A Broadway musical adaptation, Catch Me If You Can, with a book by Terrence McNally and score by Marc Shaiman and Scott Wittman, opened at the Neil Simon Theatre on April 10, 2011, and played 170 regular performances before closing on September 4, 2011. The production starred Aaron Tveit as Abagnale and Norbert Leo Butz as the FBI agent pursuing him. It received four Tony Award nominations, including Best Musical; Butz won Best Actor in a Musical.

== Veracity of claims ==
Beginning in the late 1970s, Abagnale claimed in public lectures and interviews that between the ages of 16 and 21 he had impersonated a Pan American pilot, a Georgia hospital physician, a Louisiana assistant attorney general, and a sociology professor, while evading a sustained FBI manhunt across 26 countries and cashing more than $2.5 million in fraudulent checks. Journalists who investigated these claims beginning in 1978 found them to be largely or entirely unsupported. Individuals whom Abagnale had criminally targeted described the lasting effects of his actual, documented offenses:

He had a key to our front door, it was never recovered. We changed the lock. I fed him. I cooked. I don't trust people as much anymore.
— Charlette Parks, The Advocate

=== The Louisiana attorney general claim ===
Abagnale claimed that he passed the Louisiana bar examination, worked for Attorney General Jack P. F. Gremillion, and closed 33 cases. These claims were challenged by journalists as early as 1978. No record has been found of Abagnale ever being a member of the Louisiana Bar. In 1978, the Louisiana State Bar Association reviewed all bar exam records and concluded Abagnale had never taken the exam under his name or any alias; the state attorney general's office examined payroll records for the period Abagnale claimed to have worked there and found no trace of him. First Assistant Attorney General Kenneth C. DeJean, after testing Abagnale's claimed familiarity with the office, was direct in his assessment:

The man is not an imposter, he is a liar.
— Kenneth C. DeJean, First Assistant Attorney General, The Advocate

=== The Georgia pediatrician claim ===
Abagnale claimed to have worked for a year as a supervising pediatrician at Cobb General Hospital in Marietta, Georgia, overseeing seven residents and 42 nurses on a midnight-to-8 am shift. Hospital administrators told journalist Ira Perry that no such overnight pediatrician shift existed at the hospital during the period in question. Author Alan C. Logan later demonstrated, using New York State Archives records, that Abagnale was incarcerated at Great Meadow Prison at the age of 18, the same age at which he claimed to have worked at Cobb General.

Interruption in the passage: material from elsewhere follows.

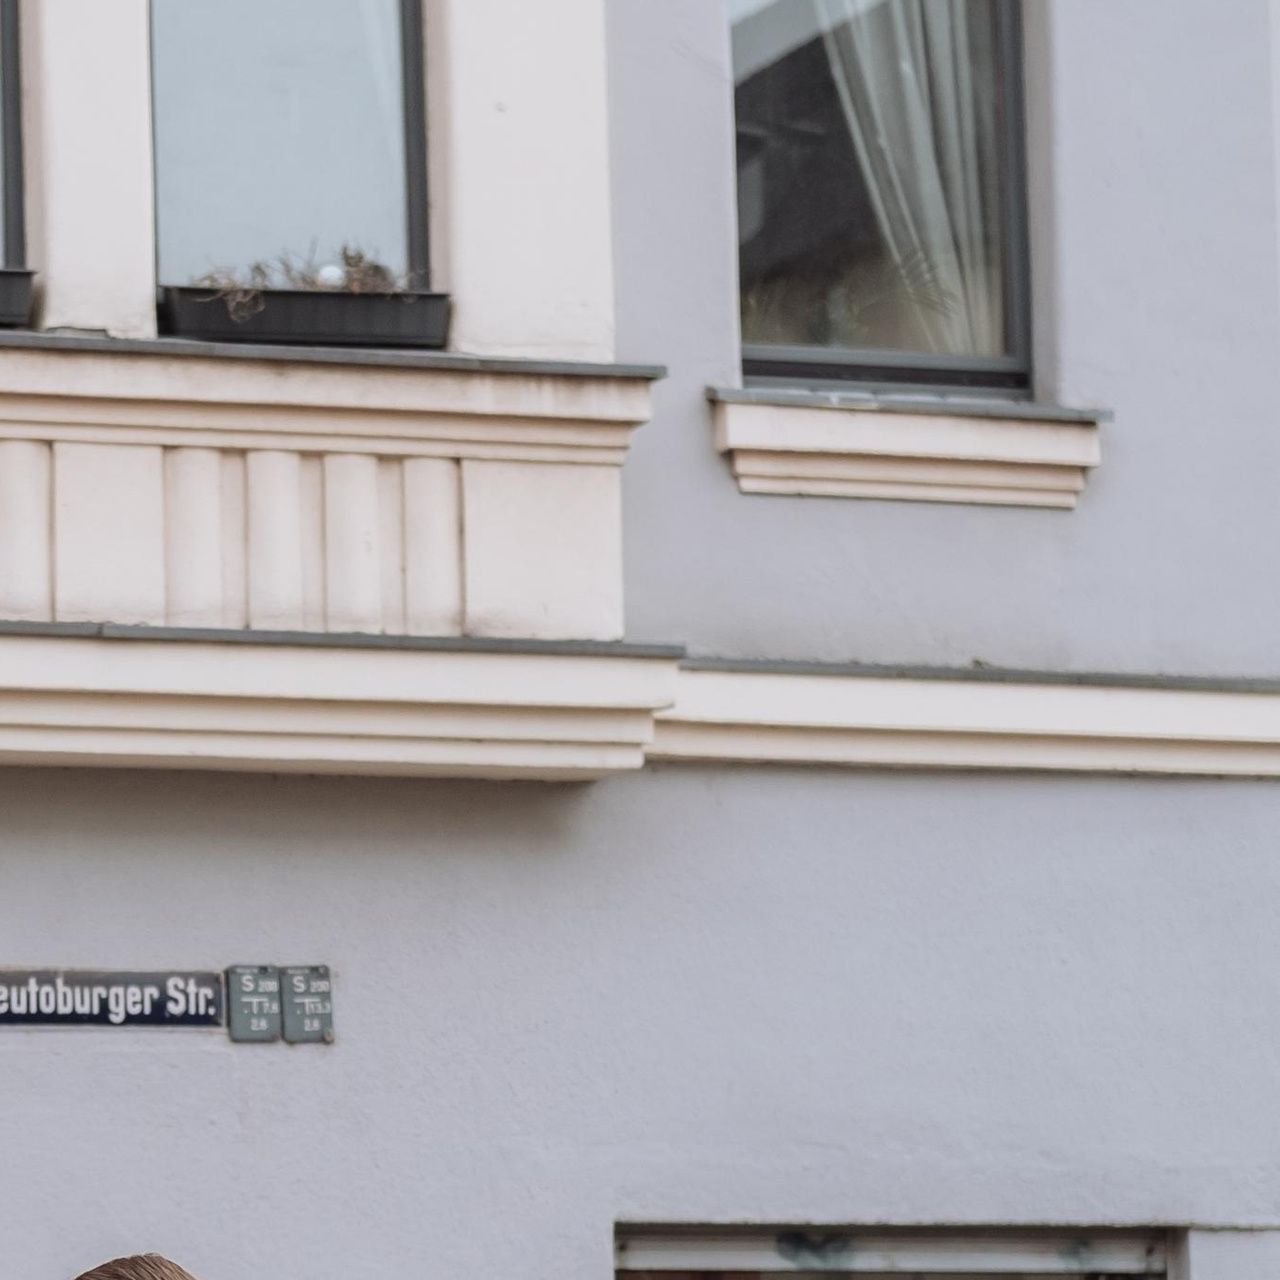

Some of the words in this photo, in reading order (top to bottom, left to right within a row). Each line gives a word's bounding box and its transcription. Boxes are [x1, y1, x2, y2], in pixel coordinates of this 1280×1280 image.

[241, 975, 255, 992] S
[293, 976, 306, 993] S
[166, 976, 216, 1017] Str.

Abagnale's impersonation of a doctor is not entirely without basis. In 1970, at the University of Arizona, he told students he was a physician and conducted physical examinations on female students under the pretense of a Pan Am recruitment program. University officials confirmed the interactions with 12 students. In 2021, Louisiana State University journalism professor Robert Mann expressed regret that he had not challenged Abagnale's account of this episode when he covered a campus lecture: "Reading those words now, in which Abagnale bragged about sexual abuse, makes me sick."

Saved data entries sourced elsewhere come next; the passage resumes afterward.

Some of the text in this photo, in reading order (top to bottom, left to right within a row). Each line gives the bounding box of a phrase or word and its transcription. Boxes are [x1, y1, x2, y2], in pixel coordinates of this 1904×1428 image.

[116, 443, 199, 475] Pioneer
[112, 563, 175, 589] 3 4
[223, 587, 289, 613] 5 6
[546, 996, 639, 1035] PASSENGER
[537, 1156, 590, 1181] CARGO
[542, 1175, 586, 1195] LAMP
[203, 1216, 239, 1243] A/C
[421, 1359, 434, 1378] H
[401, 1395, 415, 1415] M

=== The BYU professor claim ===
In public lectures, Abagnale claimed to have taught sociology for two semesters at Brigham Young University (BYU) using a falsified doctorate. In 2006, KSL-TV journalist Scott Haws challenged Abagnale on this claim, presenting his own published words as evidence. Abagnale initially said he could not recall the details and attributed the claim to his co-author Stan Redding. Haws then showed him that the claim appeared in materials Abagnale himself had authored, including the film's closing credits. Abagnale ultimately conceded he may have been a guest lecturer. BYU spokepeople have insisted there is no record of Abnagale or any of his aliases having been on the faculty or staff there, something that would exist for even a guest lecturer.

=== Claims regarding the FBI ===
In the years following the release of Catch Me If You Can, Abagnale increasingly claimed a long and formal relationship with the FBI. He told audiences he had been placed on the FBI Ten Most Wanted Fugitives list as a teenager, that he was granted a special parole in 1974 or 1975 to conduct undercover work for the Bureau, that he received assignments directly from Director Clarence M. Kelley, and that he worked as an ethics instructor at the FBI Academy in Quantico, Virginia. By 2014, he was publicly stating that he was celebrating 38 years at the FBI.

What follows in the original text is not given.